According to CNN, The interview comes at the end of a week that could have been another win for Clinton as Trump continues to struggle, but instead demonstrated her — and her husband’s — inability to avoid unforced errors and leave past controversies behind.
House Benghazi Committee Republicans on Tuesday released their report on the September 11, 2012, attack where four Americans died, which drew significant media attention but lacked significant new information that changed the dynamic of the race. The panel’s biggest discovery was finding the email address and server over a year ago.

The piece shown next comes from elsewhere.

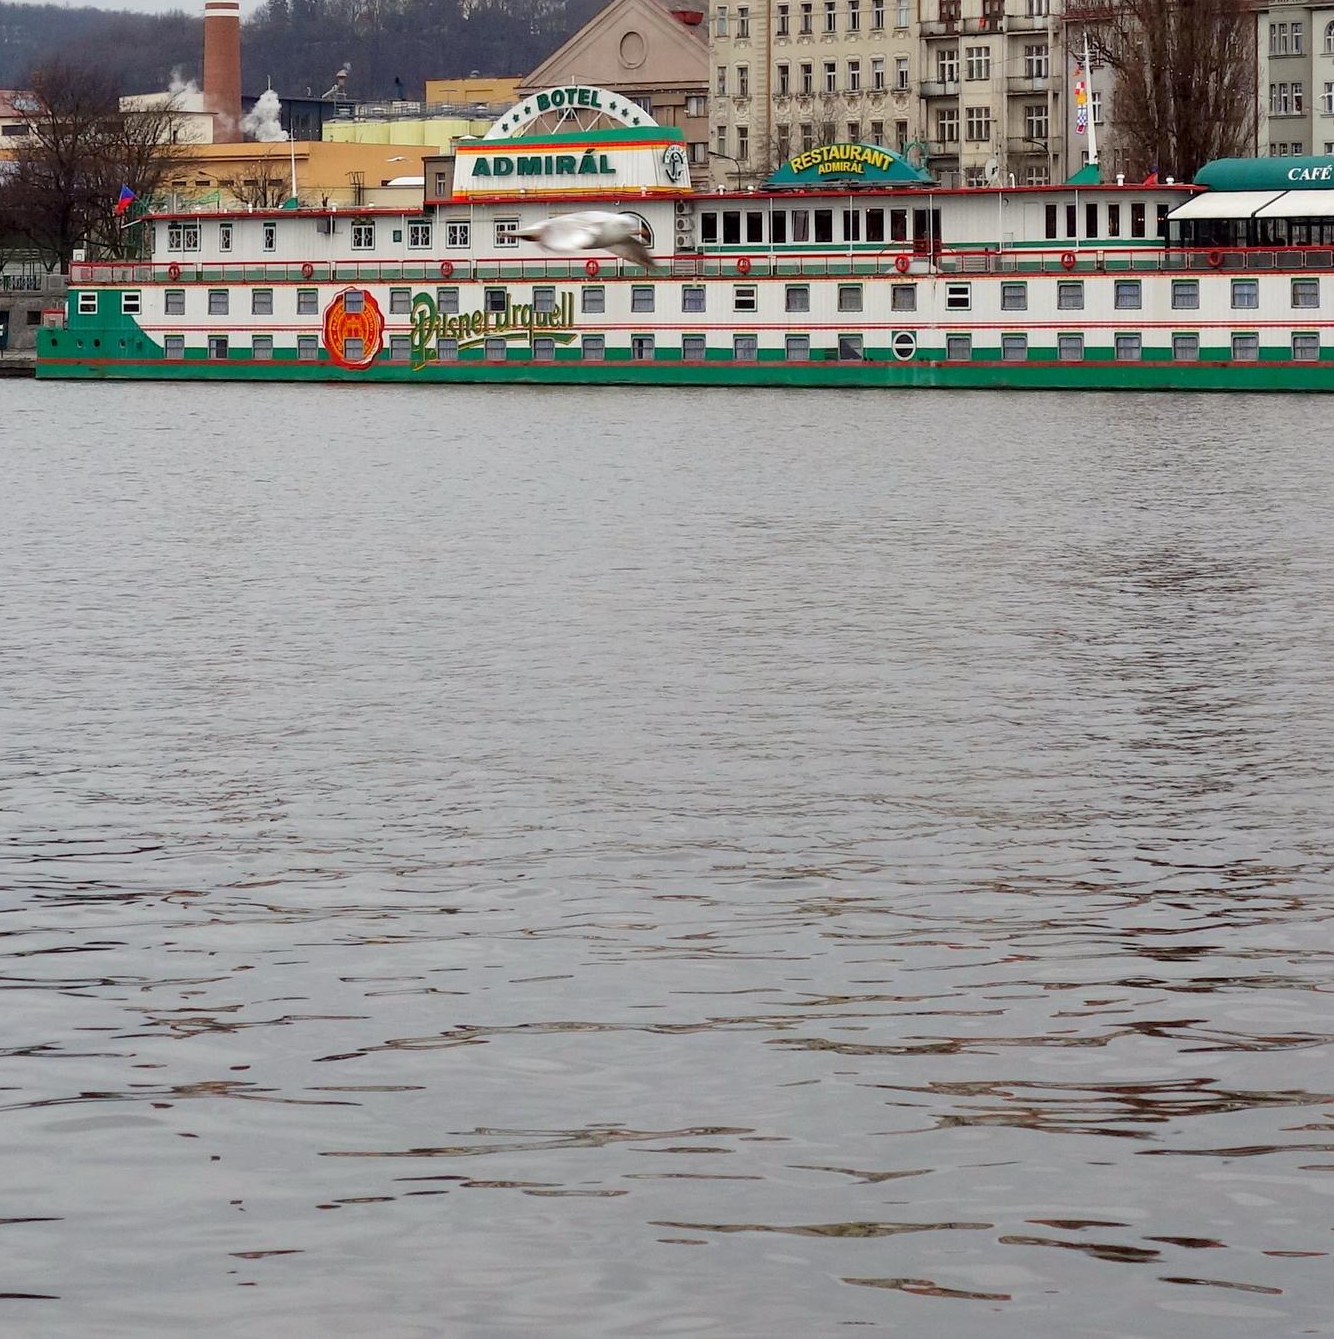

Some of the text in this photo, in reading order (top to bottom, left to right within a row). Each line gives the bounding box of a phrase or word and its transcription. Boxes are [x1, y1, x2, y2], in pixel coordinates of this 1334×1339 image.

Clinton has maintained that no emails marked as classified at the time were sent on the server, and that information in some emails was retroactively classified. And her campaign has actively portrayed the congressional investigation into Benghazi as a partisan exercise, highlighted by last October’s 11-hour hearing where Clinton testified.
But the FBI interview, along with news of the Clinton-Lynch meeting, shows Clinton can’t move past the email issue — a story that overshadowed the launch of her campaign in early 2015 and helped Bernie Sanders find running room.
Sanders, in fact, is still in the race, pushing for progressive changes to the Democratic platform. As recently as Thursday, the Vermont senator said he’s not ready to endorse Clinton.
For Republicans, the possibility of an indictment is a satisfying one. The GOP has pursued the Clintons for 25 years, from the scandals of Bill Clinton’s presidency and his impeachment to Hillary Clinton’s actions leading up to and during the Benghazi attacks. That the FBI could hamstring her presidential ambitions is a bonus for the GOP.